Mausoleen und Moschee zerstört

Al-Mahdi war Mitglied der islamistischen Gruppe Ansar Dine, die im Sommer 2012 Teile des westafrikanischen Landes kontrollierte. In Timbuktu hatte er die Zerstörung von neun Mausoleen und einer Moschee organisiert. Neun der heiligen Stätten waren Teil des Weltkulturerbes der Unesco. Die Stadt am südlichen Rand der Sahara war im 15. und 16. Jahrhundert ein Zentrum des Islam.

Die Verwüstung von Kulturgut sei ein schweres Verbrechen, urteilten die Richter in Den Haag. Die Gebäude seien nicht nur von religiöser Bedeutung gewesen, sondern hätten für die Einwohner von Timbuktu auch symbolischen und emotionalen Wert. Verbrechen gegen Gebäude müssten aber generell als weniger schwer eingestuft werden als Verbrechen gegen Personen.

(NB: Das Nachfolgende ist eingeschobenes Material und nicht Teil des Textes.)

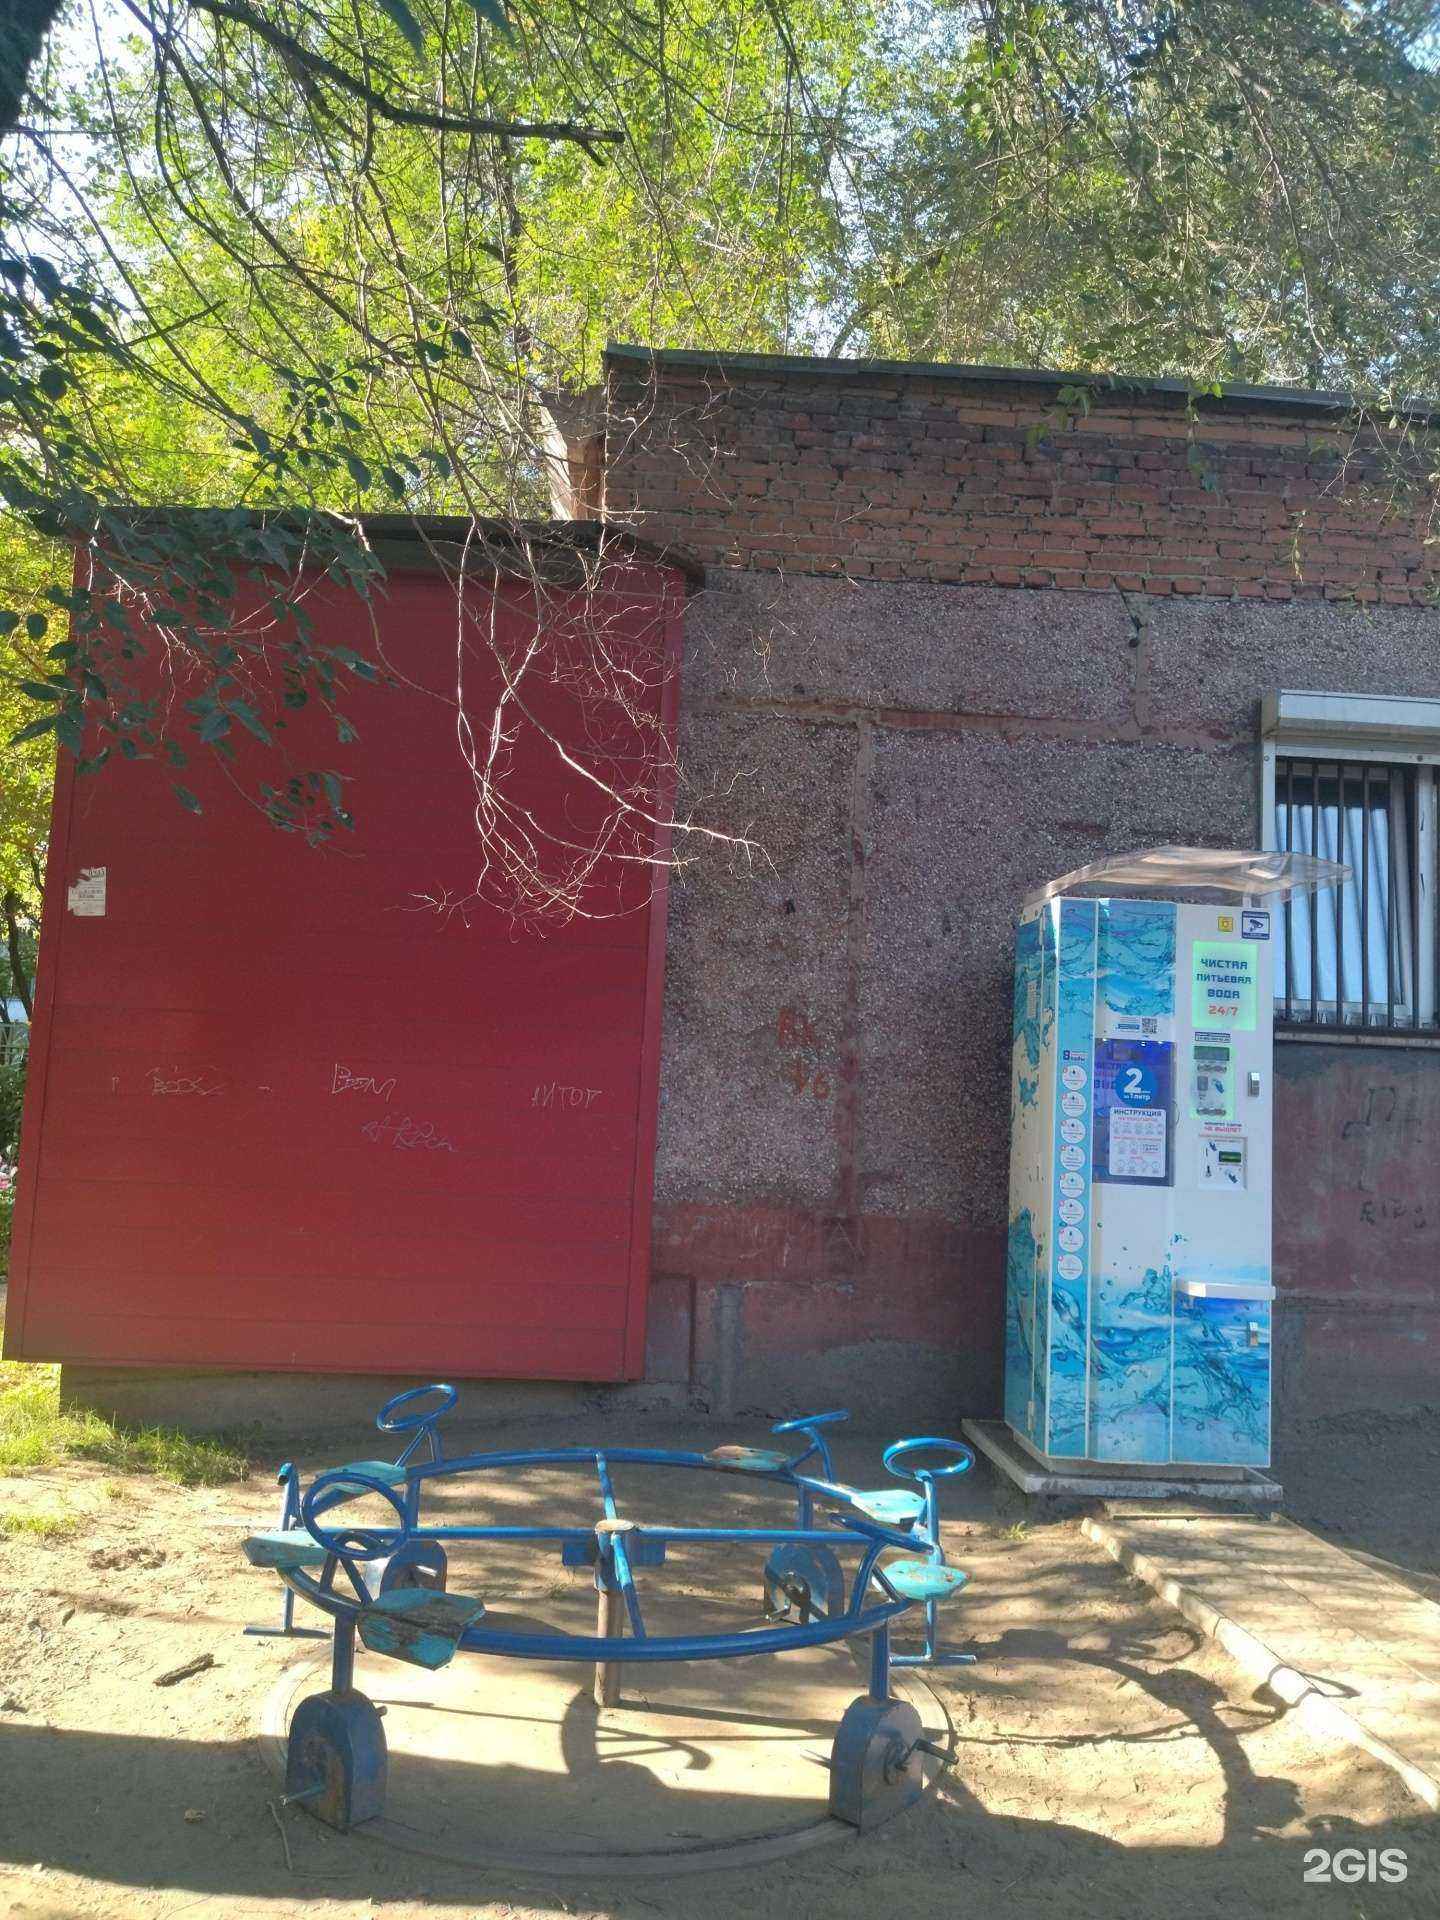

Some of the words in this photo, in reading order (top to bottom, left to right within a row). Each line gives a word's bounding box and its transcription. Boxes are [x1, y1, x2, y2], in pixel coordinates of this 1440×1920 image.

[1200, 959, 1248, 970] ЧИСТАЯ
[1196, 973, 1251, 984] ПИТЬЕВАЯ
[1207, 988, 1240, 999] ВОДА
[1208, 1005, 1238, 1016] 24/7
[1124, 1068, 1142, 1093] 2
[1113, 1109, 1162, 1117] ИНСТРУКЦИЯ
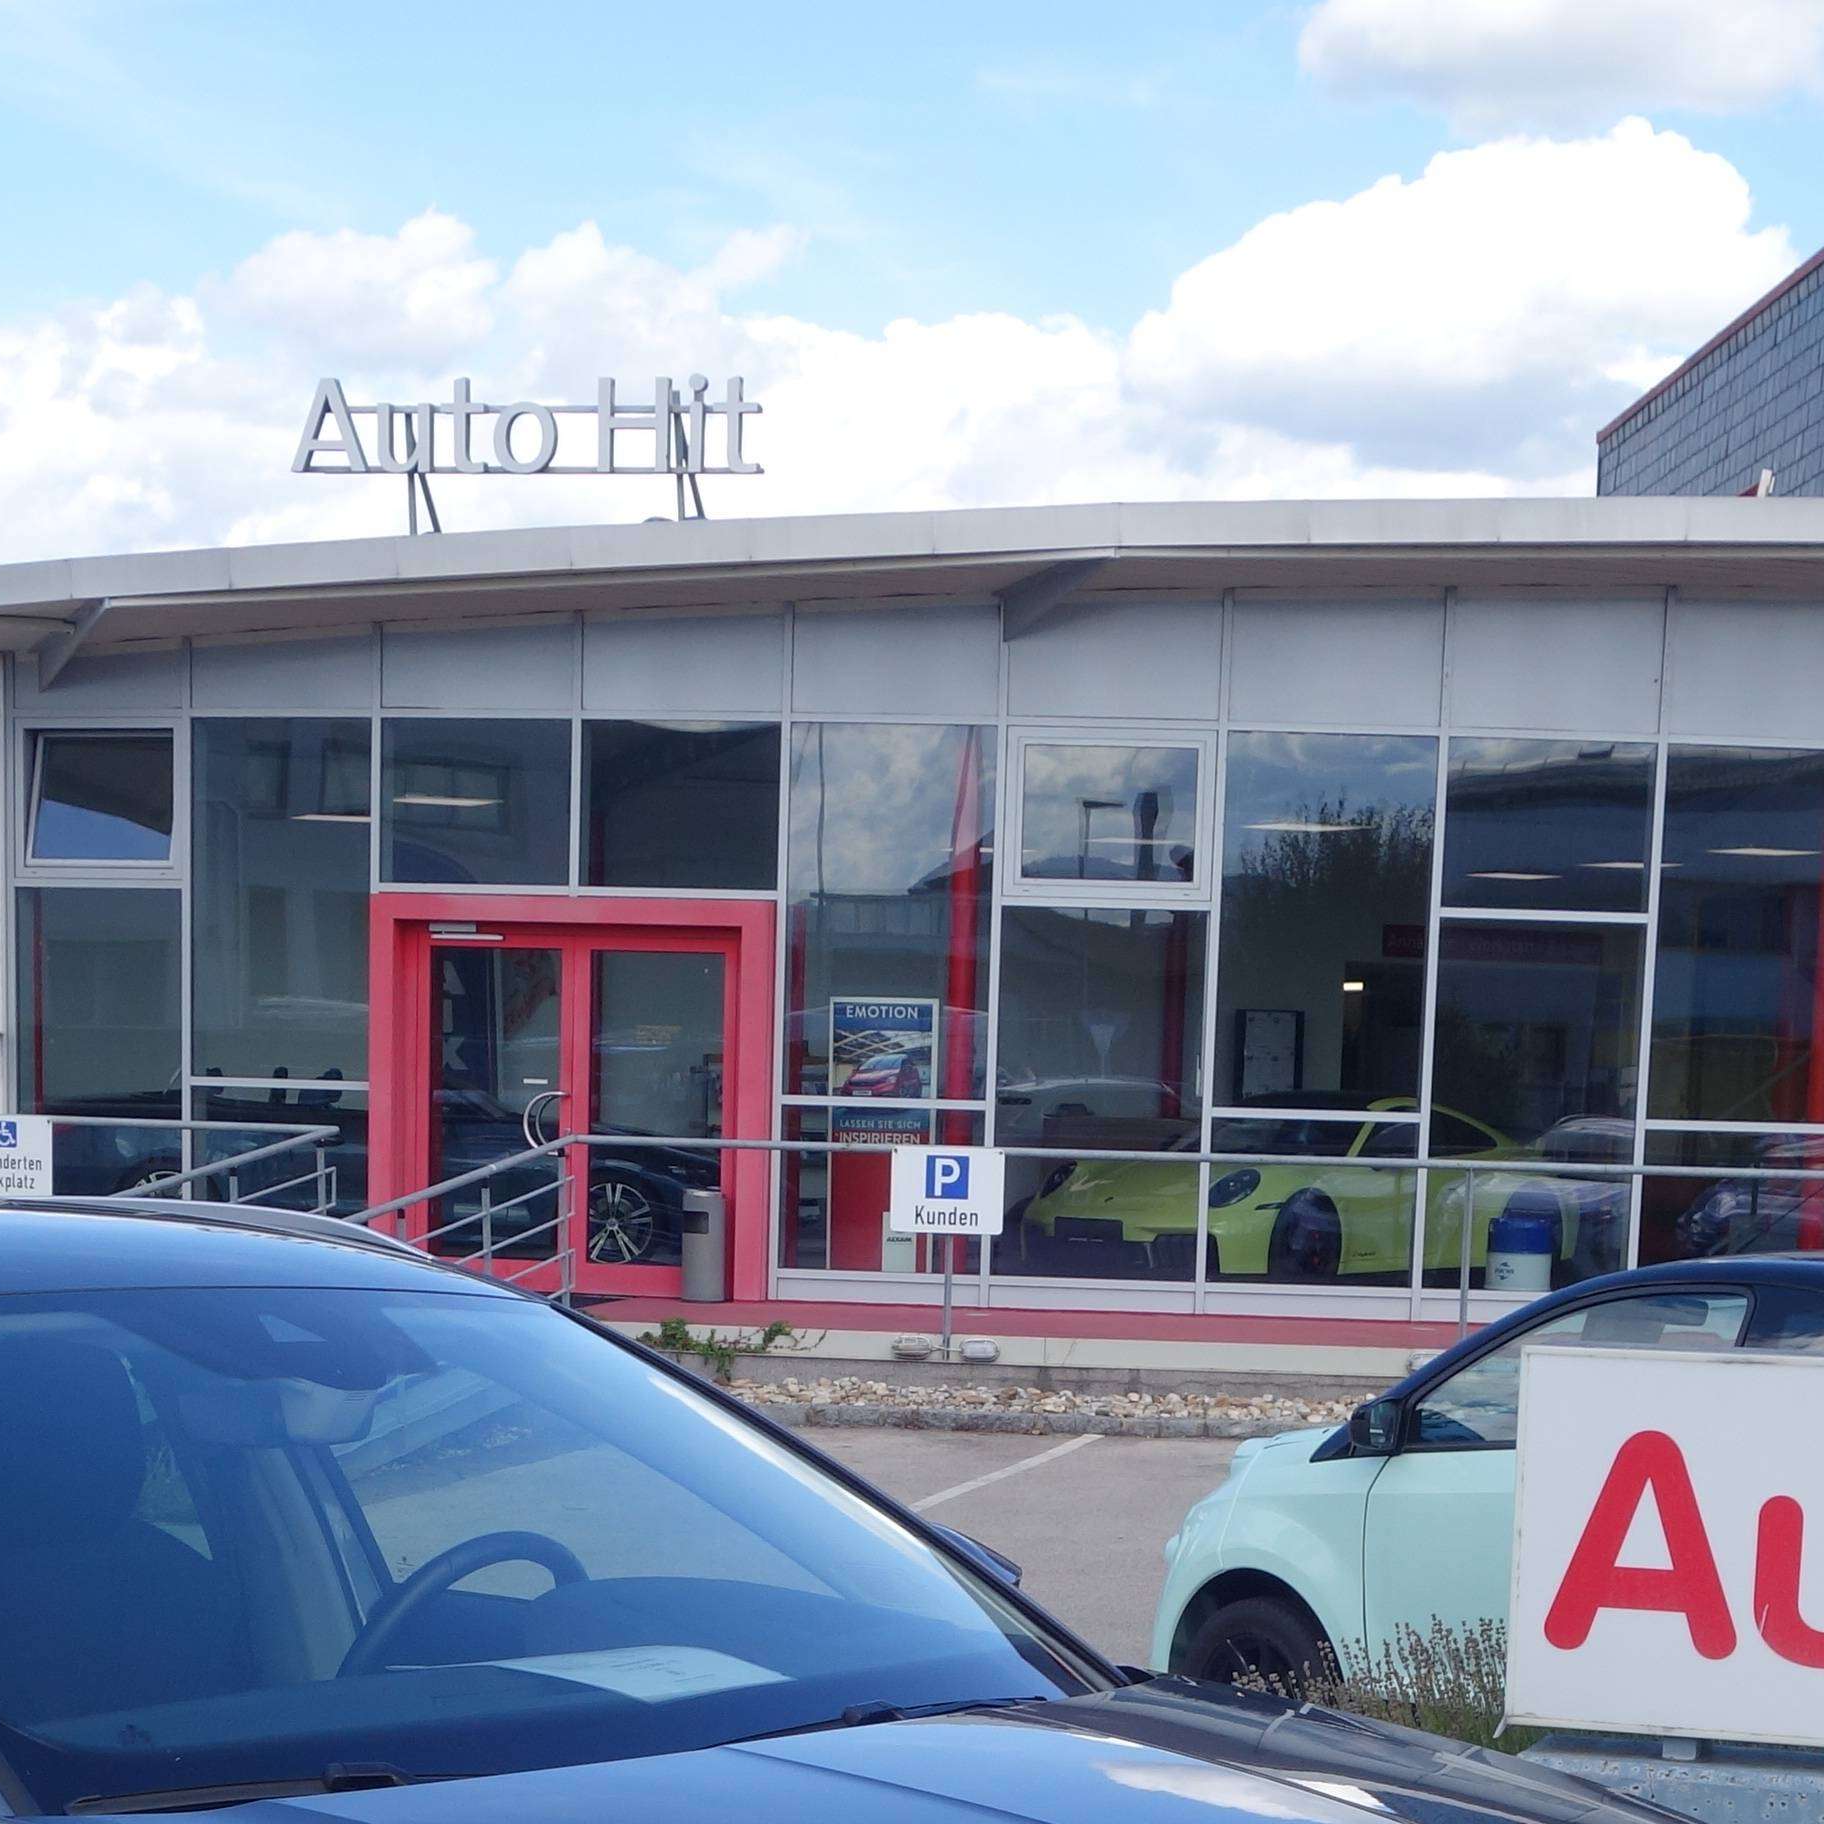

Menschenrechtler begrüßen Urteil

Menschenrechtsorganisationen begrüßten das Urteil. Die Verurteilung Al-Mahdis sende eine klare Botschaft, dass die Zerstörung des historischen Erbes der Welt bestraft werde, teilte Human Rights Watch mit. Amnesty International erklärte, das Urteil sei ein wichtiger Schritt, dürfe aber nicht das Ende der Arbeit des Strafgerichtshofs in Mali sein. Auch Folter, Morde und Vergewaltigungen während des Konflikts müssten untersucht und vor Gericht gebracht werden.

Al-Mahdi ist der erste Angeklagte, der sich vor dem Strafgerichtshof schuldig bekannt hat. Er bedaure, was er der Bevölkerung Timbuktus, dem malischen Volk und der Weltgemeinschaft allgemein angetan habe, sagte er in seinem Geständnis im August: "Dies war das erste und letzte Verbrechen, das ich begangen habe."

Seine Verteidiger hatten im Vorfeld angekündigt, bei einer Haftstrafe zwischen neun und elf Jahren nicht in Berufung zu gehen. Der Gründungsvertrag des Gerichts sieht vor, dass Al-Mahdi seine Haftstrafe nicht in Den Haag, sondern in einem normalen Gefängnis in einem der 124 Mitgliedsstaaten absitzt. Die Zeit seit September 2015, die er während des Prozesses in Den Haag inhaftiert war, wird von der Haftstrafe abgezogen.

Der Fall Al-Mahdi war das erste Urteil des Strafgerichtshof wegen der Verwüstung von Kulturgütern, die als Kriegsverbrechen gilt. Das Gericht in Den Haag verfolgt Völkermord, Verbrechen gegen die Menschlichkeit und Kriegsverbrechen. Das Urteil vom Dienstag ist das fünfte Urteil seit der Eröffnung des Strafgerichtshofs 2002.